#### TASK INSTRUCTIONS:
Excluding any images, copy all of the lines below precisely as written.

╭─ MATERIAL SUPPLIED

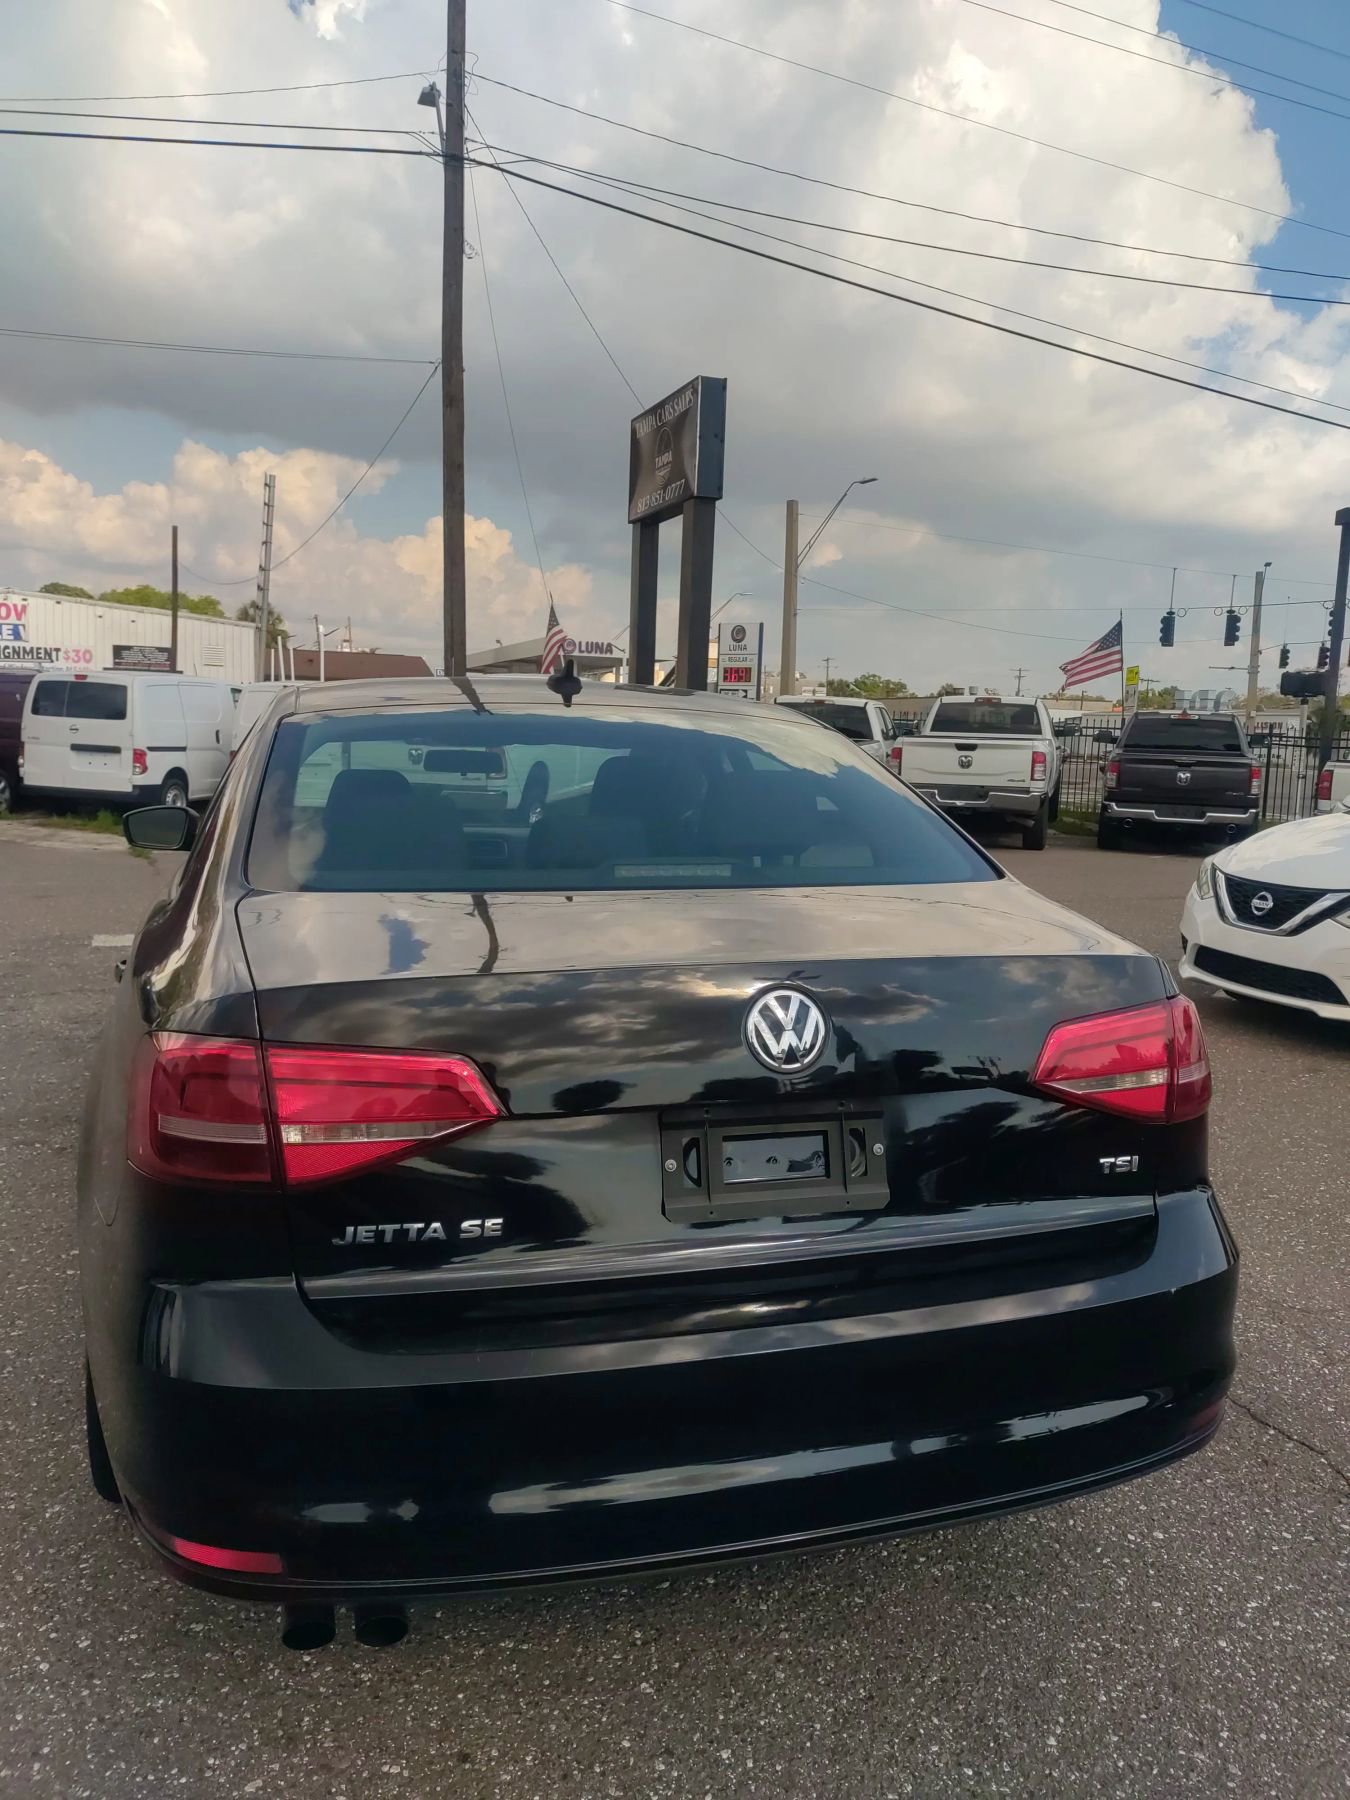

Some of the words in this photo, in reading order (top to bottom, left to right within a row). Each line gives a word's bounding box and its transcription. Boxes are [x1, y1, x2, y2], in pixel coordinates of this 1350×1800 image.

[635, 413, 657, 438] TAMPA
[656, 402, 674, 426] CARS
[673, 388, 694, 416] SALES
[0, 645, 61, 661] GNMENT
[63, 648, 93, 664] $30
[578, 641, 613, 656] LUNA
[728, 644, 748, 652] LUNA
[1099, 1155, 1139, 1174] TSI
[331, 1221, 448, 1246] JETTA
[459, 1217, 504, 1239] SE
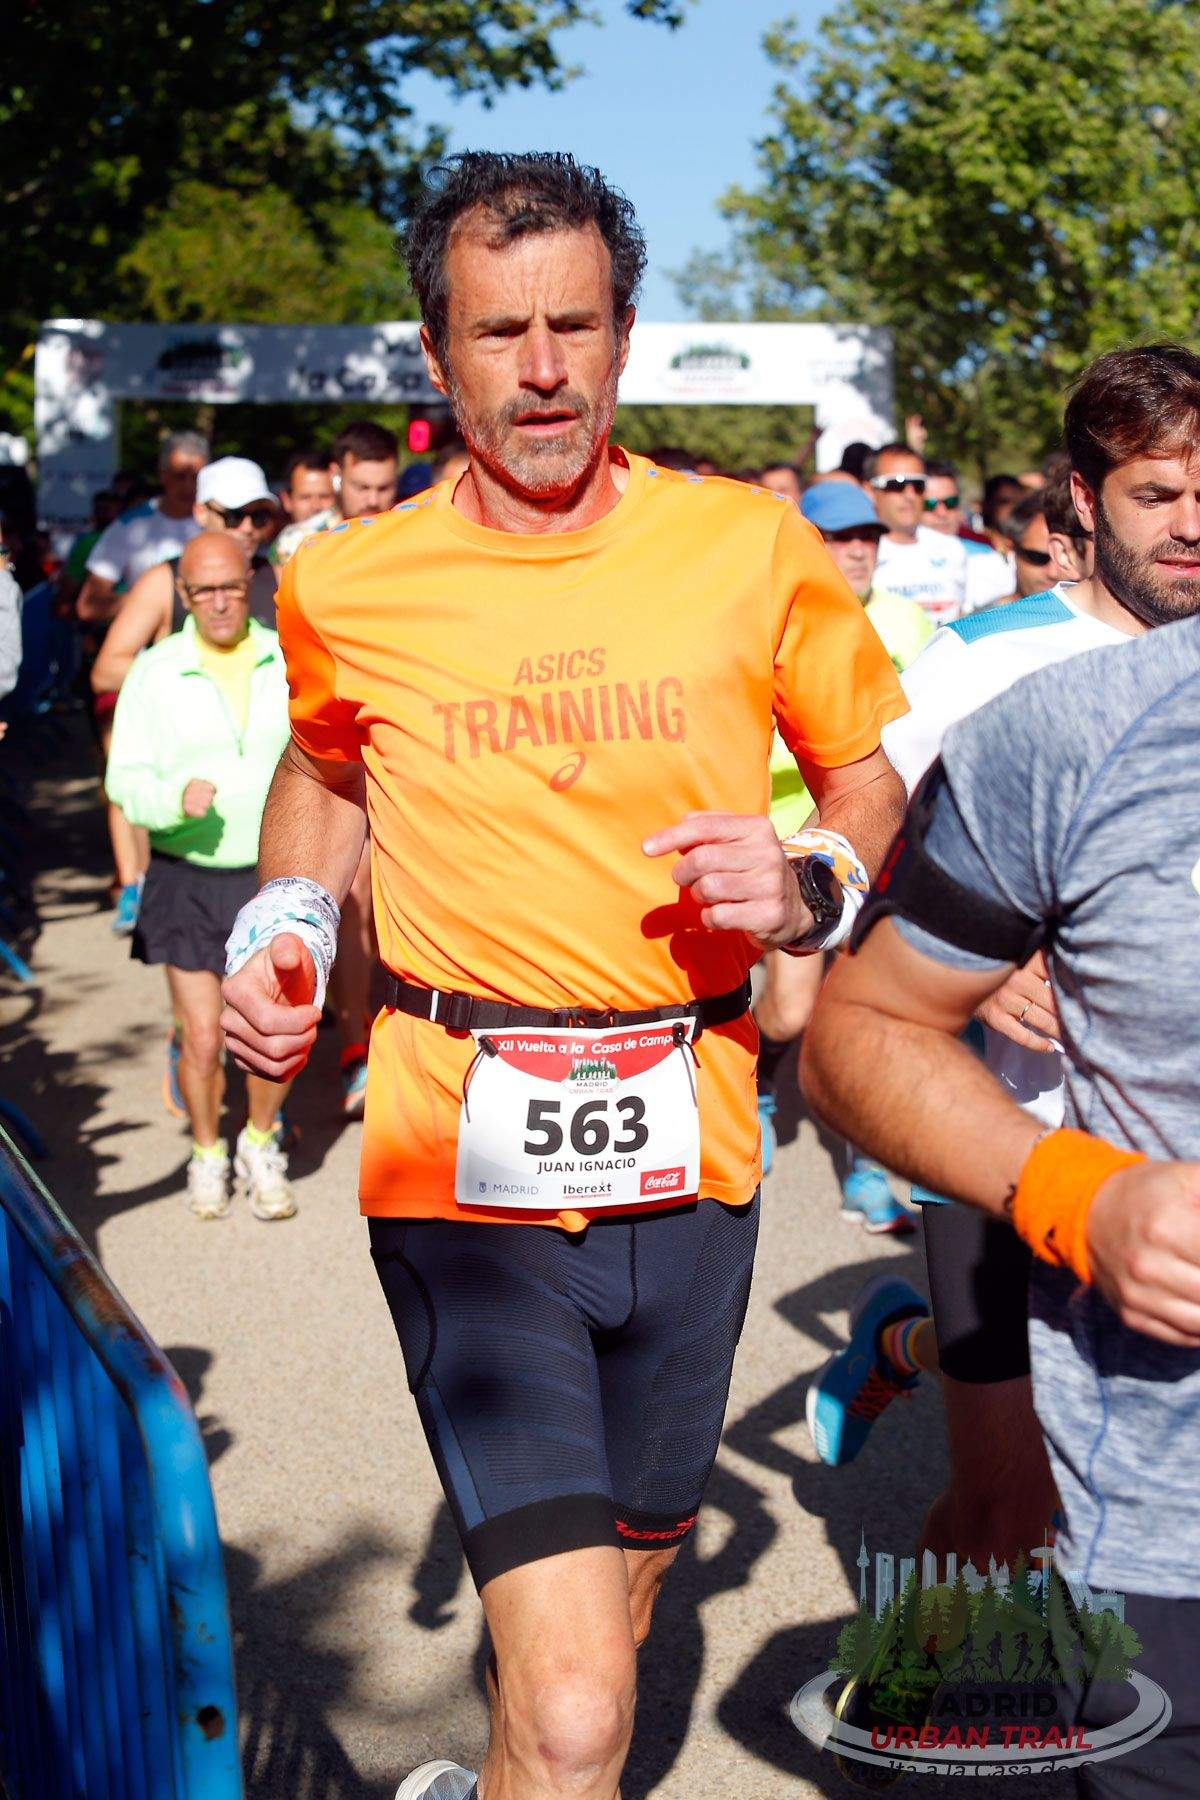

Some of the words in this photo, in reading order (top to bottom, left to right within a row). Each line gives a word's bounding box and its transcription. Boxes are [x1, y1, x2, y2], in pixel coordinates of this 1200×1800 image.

[513, 647, 606, 685] ASICS
[432, 676, 686, 763] TRAINING
[517, 1040, 556, 1053] Vuelta
[558, 1044, 567, 1053] a
[571, 1042, 584, 1054] la
[591, 1042, 622, 1054] Casa
[624, 1038, 637, 1050] de
[524, 1096, 649, 1155] 563
[537, 1161, 575, 1175] JUAN
[579, 1157, 637, 1171] IGNACIO
[493, 1184, 540, 1196] MADRID
[563, 1183, 612, 1194] Iberext

╰─

#### TASK RESULT:
Some of the words in this photo, in reading order (top to bottom, left to right within a row). Each line gives a word's bounding box and its transcription. Boxes are [x1, y1, x2, y2], in pixel coordinates of this 1350×1800 image.

[635, 413, 657, 438] TAMPA
[656, 402, 674, 426] CARS
[673, 388, 694, 416] SALES
[0, 645, 61, 661] GNMENT
[63, 648, 93, 664] $30
[578, 641, 613, 656] LUNA
[728, 644, 748, 652] LUNA
[1099, 1155, 1139, 1174] TSI
[331, 1221, 448, 1246] JETTA
[459, 1217, 504, 1239] SE

Some of the words in this photo, in reading order (top to bottom, left to right within a row). Each line gives a word's bounding box and its transcription. Boxes are [x1, y1, x2, y2], in pixel coordinates of this 1200×1800 image.

[513, 647, 606, 685] ASICS
[432, 676, 686, 763] TRAINING
[517, 1040, 556, 1053] Vuelta
[558, 1044, 567, 1053] a
[571, 1042, 584, 1054] la
[591, 1042, 622, 1054] Casa
[624, 1038, 637, 1050] de
[524, 1096, 649, 1155] 563
[537, 1161, 575, 1175] JUAN
[579, 1157, 637, 1171] IGNACIO
[493, 1184, 540, 1196] MADRID
[563, 1183, 612, 1194] Iberext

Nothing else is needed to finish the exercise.